[[ SOURCE RECORDS open ]]
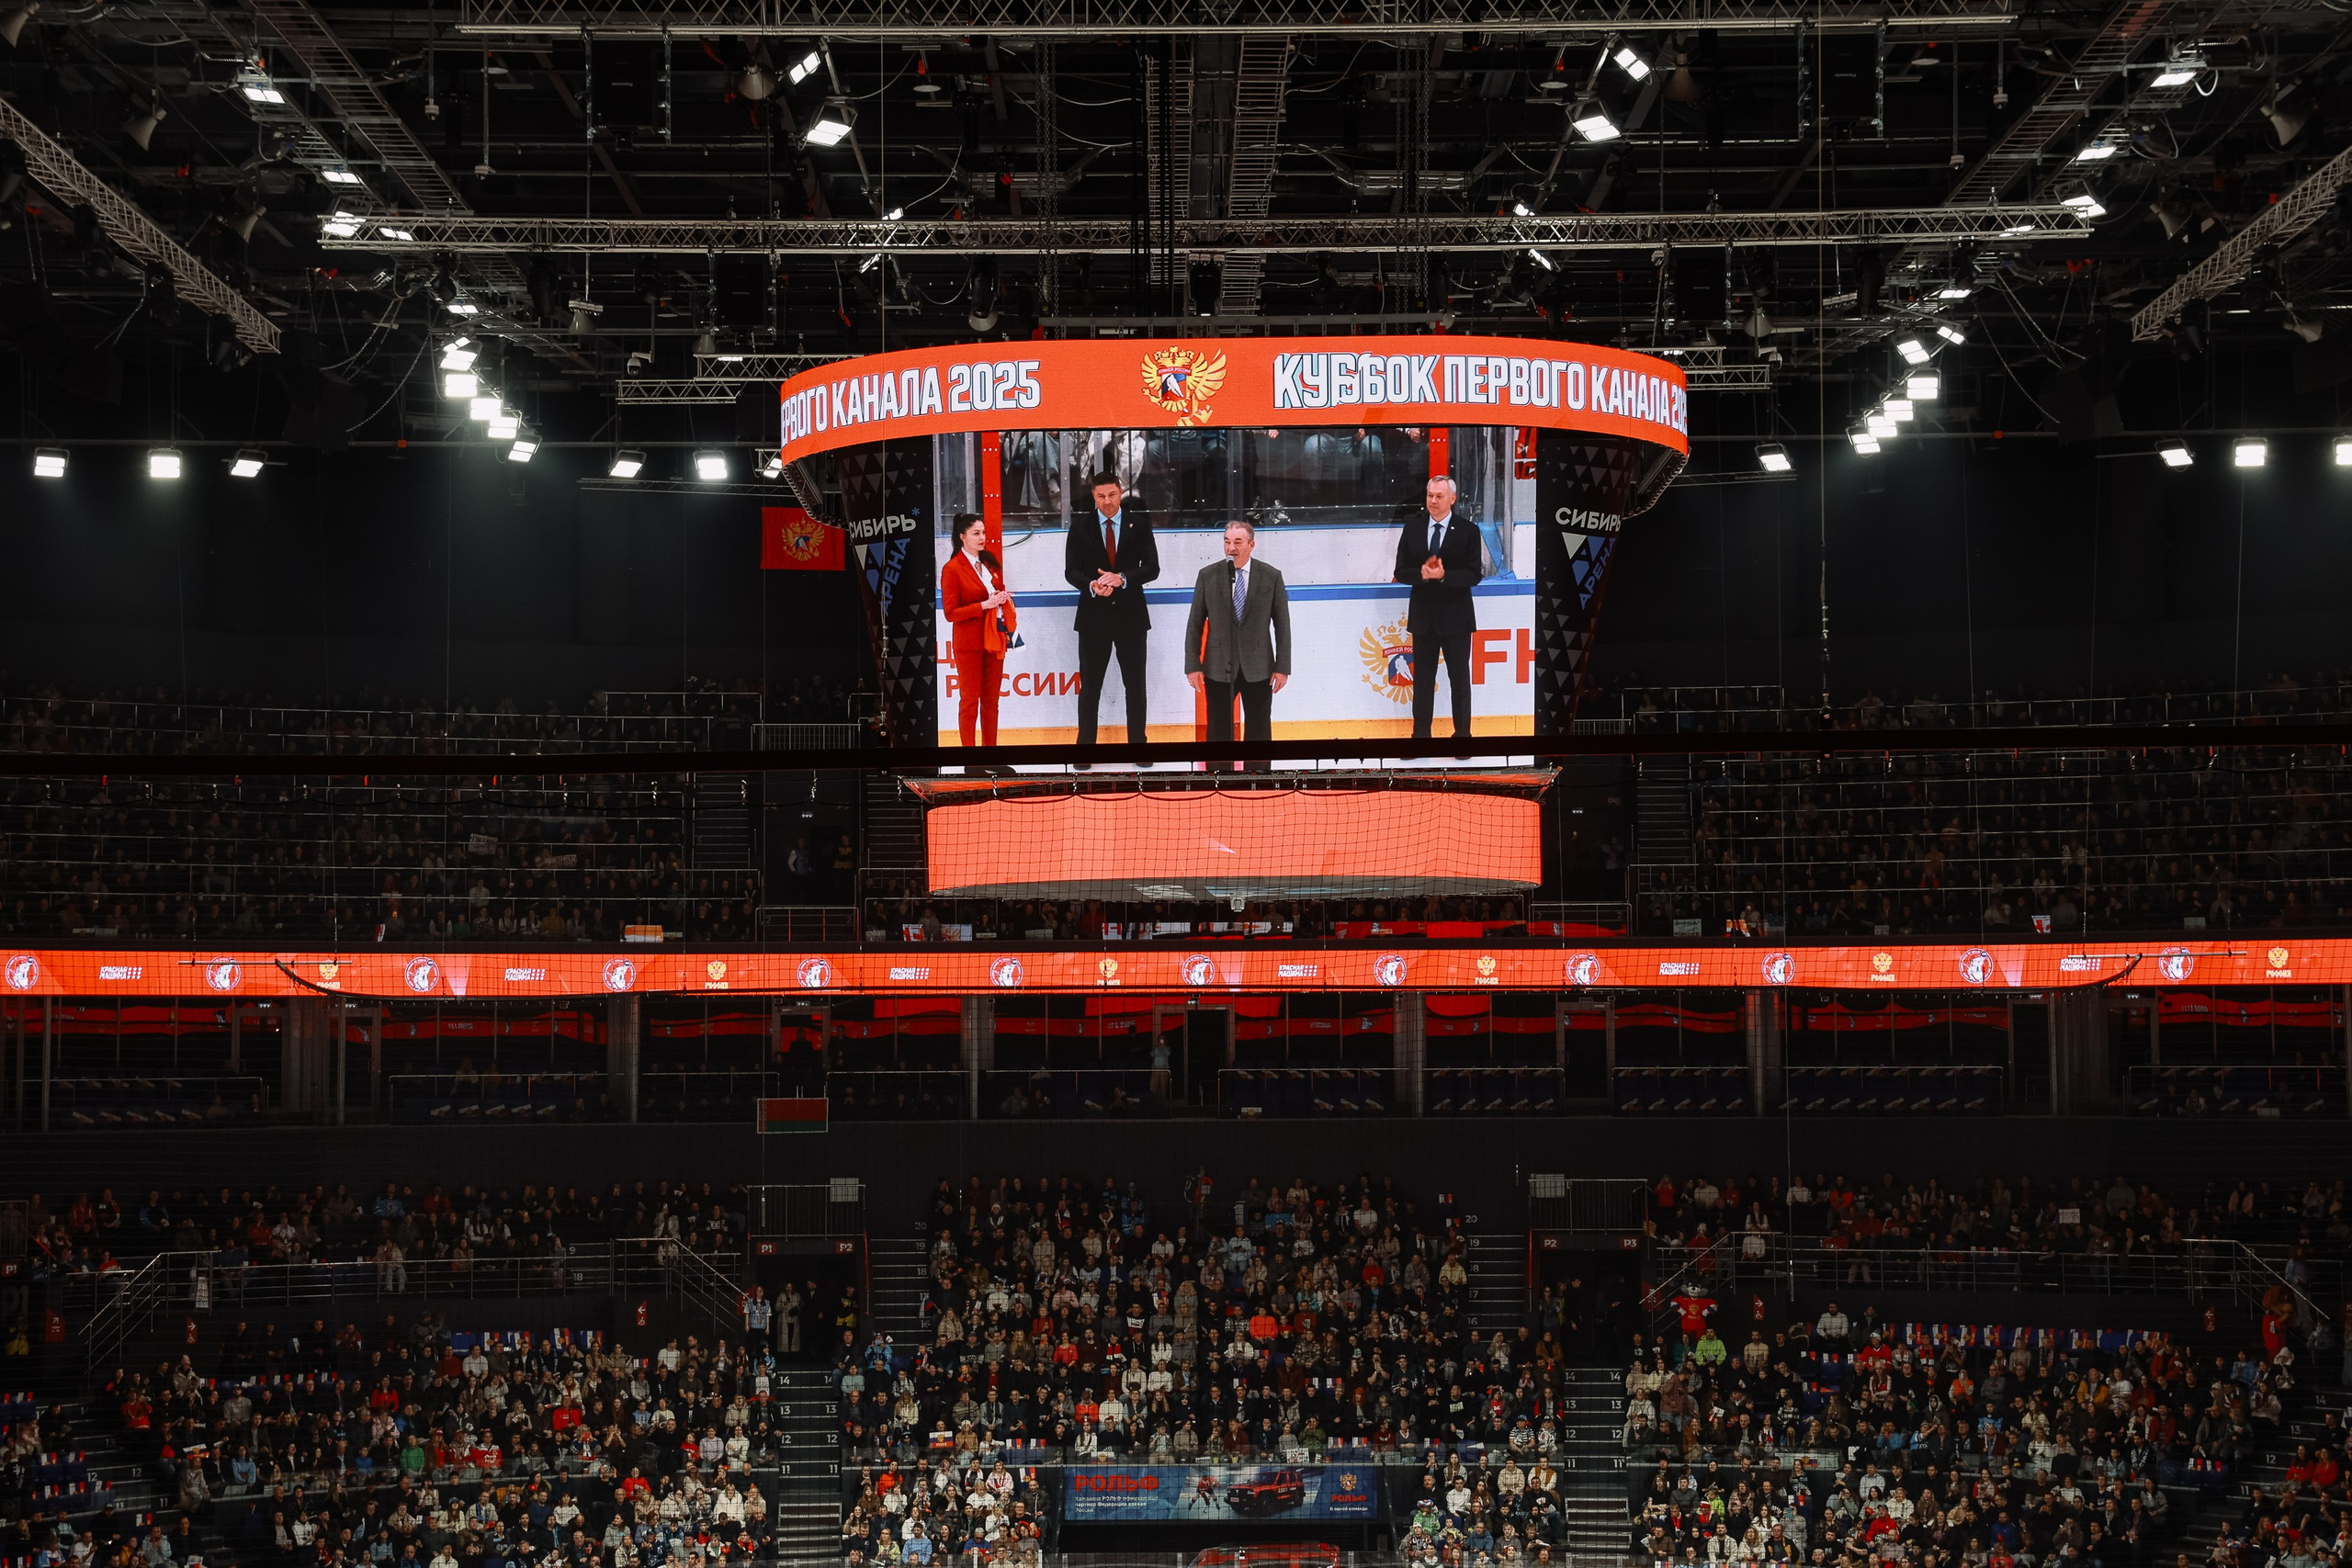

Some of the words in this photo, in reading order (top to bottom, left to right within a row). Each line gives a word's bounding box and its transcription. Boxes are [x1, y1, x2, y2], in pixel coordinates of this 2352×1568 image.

[831, 366, 944, 429] КАНАЛА
[948, 360, 1041, 413] 2025
[1443, 355, 1586, 411] ПЕРВОГО
[1590, 364, 1671, 427] КАНАЛА
[1555, 507, 1621, 532] СИБИРЬ
[848, 513, 916, 539] СИБИРЬ
[879, 537, 911, 618] АРЕНА
[1579, 537, 1616, 610] АРЕНА
[946, 672, 1081, 698] РССИИ
[1465, 1214, 1478, 1223] 20
[915, 1222, 927, 1230] 20
[916, 1242, 926, 1251] 19
[1470, 1238, 1480, 1247] 19
[1544, 1239, 1557, 1247] P2
[1624, 1239, 1637, 1247] P3
[761, 1244, 773, 1253] P1
[840, 1243, 853, 1252] P2
[6, 1264, 17, 1274] P1
[1469, 1290, 1479, 1299] 17
[920, 1320, 930, 1328] 16
[1467, 1317, 1478, 1325] 16
[780, 1376, 790, 1385] 14
[1565, 1372, 1576, 1381] 14
[1610, 1372, 1621, 1381] 14
[1566, 1400, 1576, 1409] 13
[2316, 1395, 2326, 1405] 14
[825, 1404, 837, 1414] 13
[1611, 1400, 1622, 1410] 13
[780, 1405, 791, 1415] 13
[1566, 1429, 1576, 1438] 12
[1611, 1429, 1622, 1438] 12
[2290, 1425, 2301, 1434] 13
[105, 1438, 116, 1448] 13
[781, 1435, 792, 1444] 12
[827, 1434, 838, 1443] 12
[1566, 1459, 1576, 1468] 11
[1613, 1459, 1623, 1468] 11
[2266, 1454, 2276, 1464] 12
[132, 1468, 142, 1478] 12
[781, 1465, 790, 1474] 11
[829, 1464, 838, 1473] 11
[87, 1472, 98, 1482] 12
[1075, 1474, 1159, 1492] РОЛЬФ
[2240, 1485, 2250, 1495] 11
[160, 1498, 169, 1507] 11
[1331, 1494, 1367, 1502] РОЛЬФ
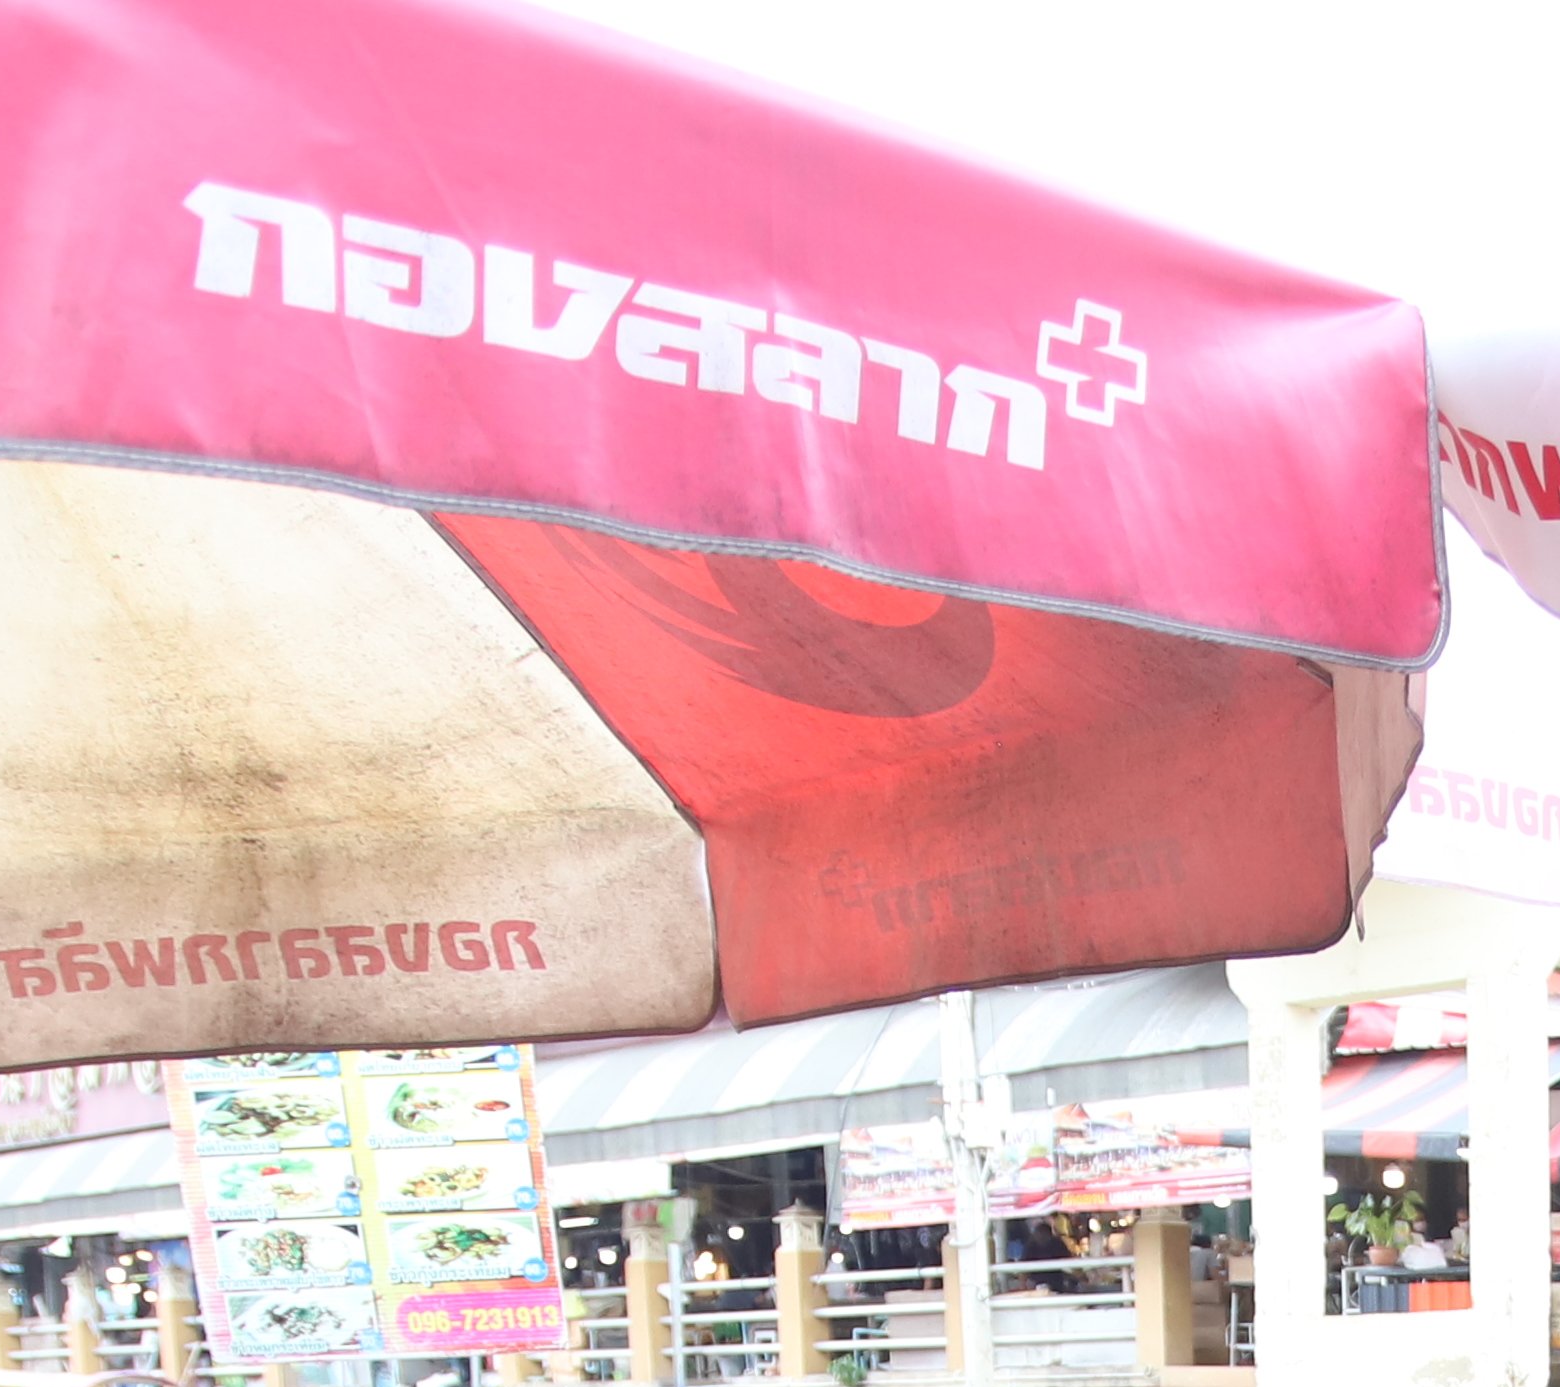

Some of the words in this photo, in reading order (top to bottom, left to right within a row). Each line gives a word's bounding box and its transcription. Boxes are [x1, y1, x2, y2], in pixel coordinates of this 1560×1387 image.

[183, 181, 1047, 470] กองสลาก
[407, 1304, 560, 1333] 096-7231913
[[ SOURCE RECORDS closed ]]
WHAT IS EXPECTED — Write out, word for word, the line containing "this 1560×1387 image." and every line after it to the end of the data above.

REPLY TO THE TASK —
Some of the words in this photo, in reading order (top to bottom, left to right within a row). Each line gives a word's bounding box and its transcription. Boxes are [x1, y1, x2, y2], in pixel coordinates of this 1560×1387 image.

[183, 181, 1047, 470] กองสลาก
[407, 1304, 560, 1333] 096-7231913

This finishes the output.